| 7:01p |
Земного - здесь простыл и след (Лишь цвет цветов), здесь божий свет Пчелой сбирает с высоты Лучи небесной красоты. Земного - здесь пропал и звук (Лишь сердца стук), здесь лес и луг Иною - тише тишины - Мелодией оглашены, Той музыкой морского дна, Что раковинам раздана... Ах! на земле иначе. - Там Мы можем только по цветам Гадать о Красоте, мечтам Вослед, летя за ней, - куда? Ответь, звезда!
Об эту пору счастлива Незейя - Ее планета дремлет, пламенея Под четырьмя светилами небес, - Оазис чуда посреди чудес. Но прочь - прочь - прочь, над океаном света, Душа - Незейя, крыльями одета, Над гроздьями созвездий мировых (Они как волны; пенны гребни их), Велению божественному внемля, Пускалась в путь, спускалась к нам, на землю. Так было раньше... А теперь она Уснула или грезила без сна И без движенья - на планете странной Учетверенным солнцем осиянна.

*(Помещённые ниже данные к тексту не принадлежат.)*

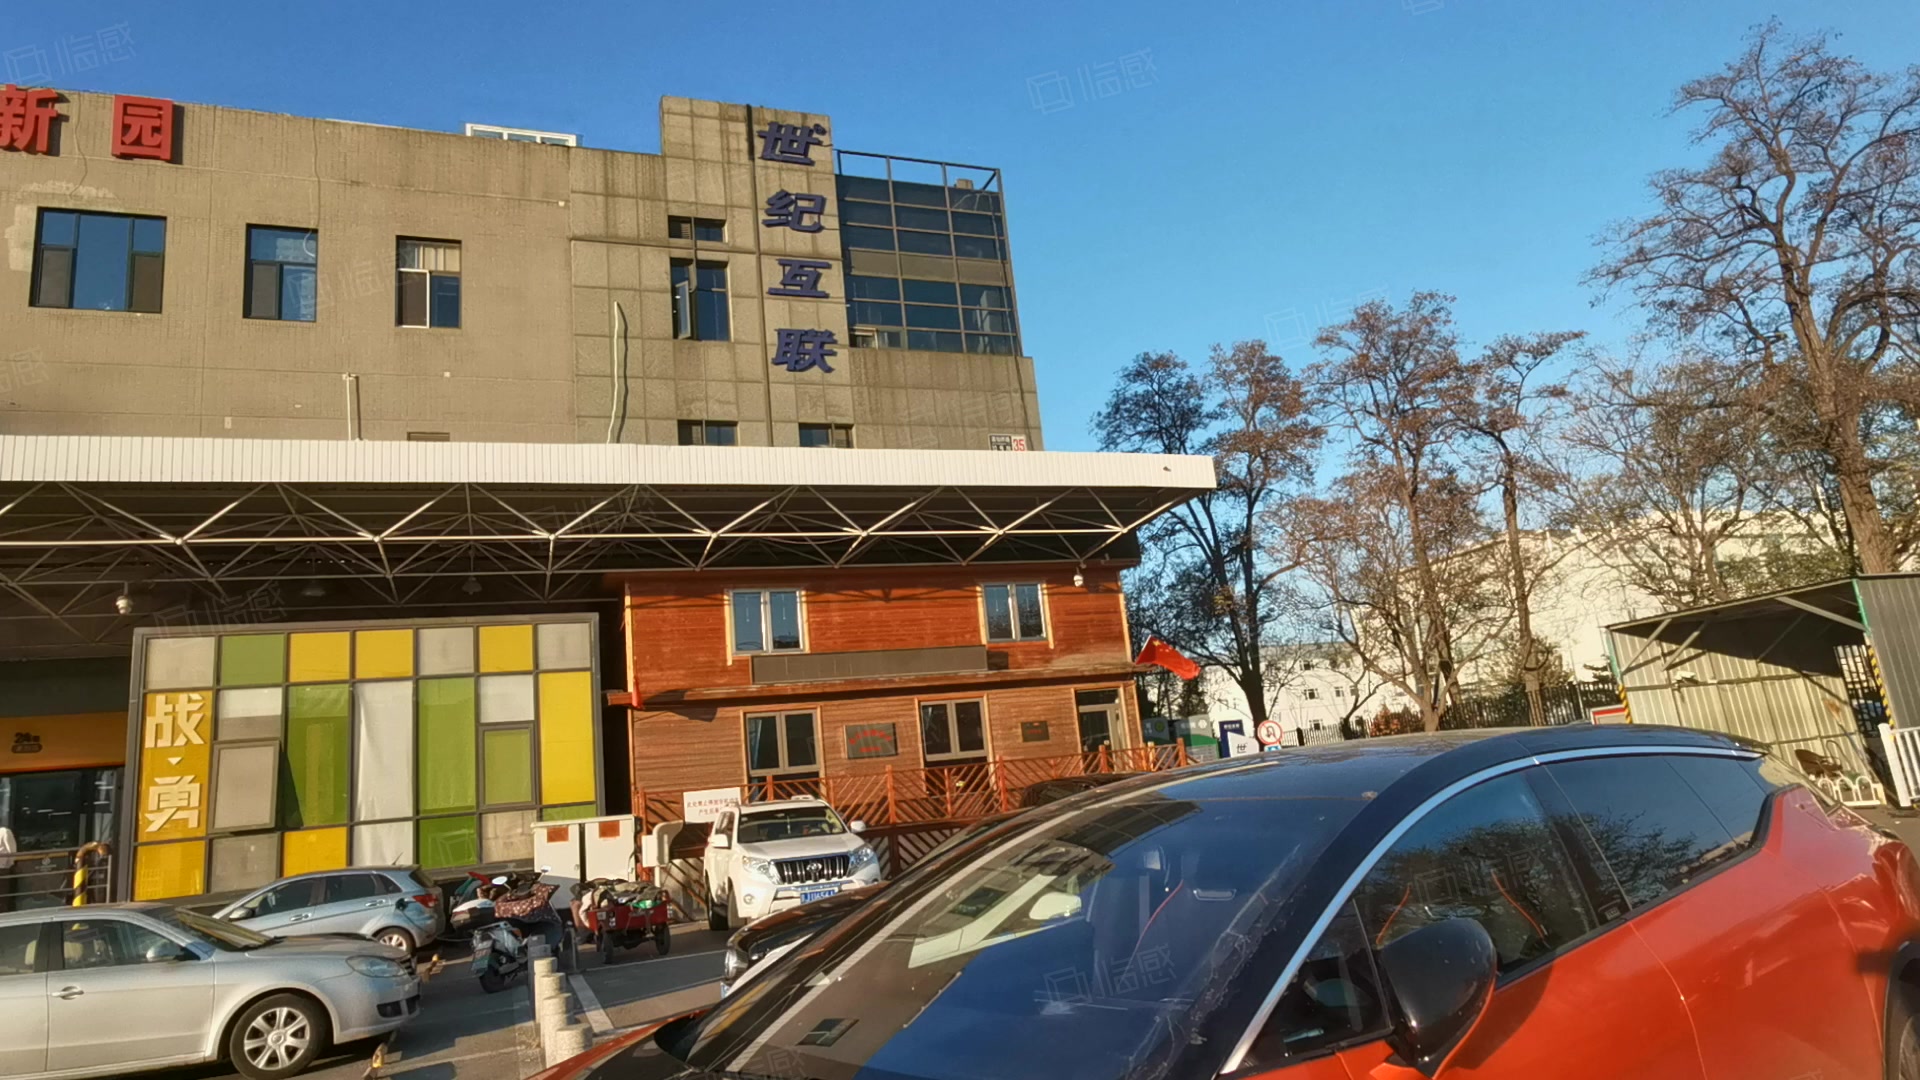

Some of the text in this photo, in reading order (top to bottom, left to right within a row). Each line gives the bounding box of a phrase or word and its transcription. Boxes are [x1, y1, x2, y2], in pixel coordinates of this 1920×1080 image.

[0, 84, 173, 160] 新园
[757, 122, 838, 373] 世纪互联
[1013, 438, 1025, 451] 35

Избранница на высших эмпиреях (Где Красота предстала на заре их, Мерцая, словно жемчуг в волосах Влюбленной девы, в звездных небесах И на Ахайю бросив свет Селены) Взирала восхищенно в даль вселенной. Раскинулись куртины облаков У ног ее - весь этот мир таков: Прекрасен, но прозрачен, чтоб напрасно Всего не застить, что равнопрекрасно, - Цветной туман, цветных туманов шторм, В котором исчезает косность форм.
Владычица упала на колени На ложе трав, в прелестное цветенье Левкадских лилий, легкою главой Качавших над гордячкой страстной той, Что смертного мятежно полюбила И со скалы в бессмертие ступила. А рядом цвел сефалик на стебле Багровей, чем закаты на земле, И тот цветок, что дерзко «требизонтом» Зовем (он за небесным горизонтом Возрос на самой пышной из планет); Его хмельной, медовый, дивный цвет (Известный древним, нектар благовонный), От благости небесной отлученный За то, что он сулит восторг во зле, - Цветет, в изгнанье жалком, на земле, Где, жаля и желая, в забытьи Над ним кружатся пьяные рои, А сам он, брошен пчелам на потребу, Стеблями и корнями рвется к небу. Как падший ангел, голову клонит (Забытый, хоть позор и не забыт) И горькой умывается росою, Блистая обесчещенной красою. Цвели никанты, дневный аромат Ночным превозмогая во сто крат, И клитии - подсолнечники наши - Под солнцами, одно другого краше, И те цветы, чья скоро гибнет прелесть, С надеждою на небо засмотрелись: Они туда в июле полетят, И опустеет королевский сад. И лотос, над разливом бурной Роны Подъемлющий свой стебель непреклонно, Цветок Нелумбо, Гангом порожден (А в нем самом родился Купидон), Пурпурное благоуханье Занте! Isola d'oro! Fior di Levante! Цветы, цветы! чисты их голоса И запахи восходят в небеса.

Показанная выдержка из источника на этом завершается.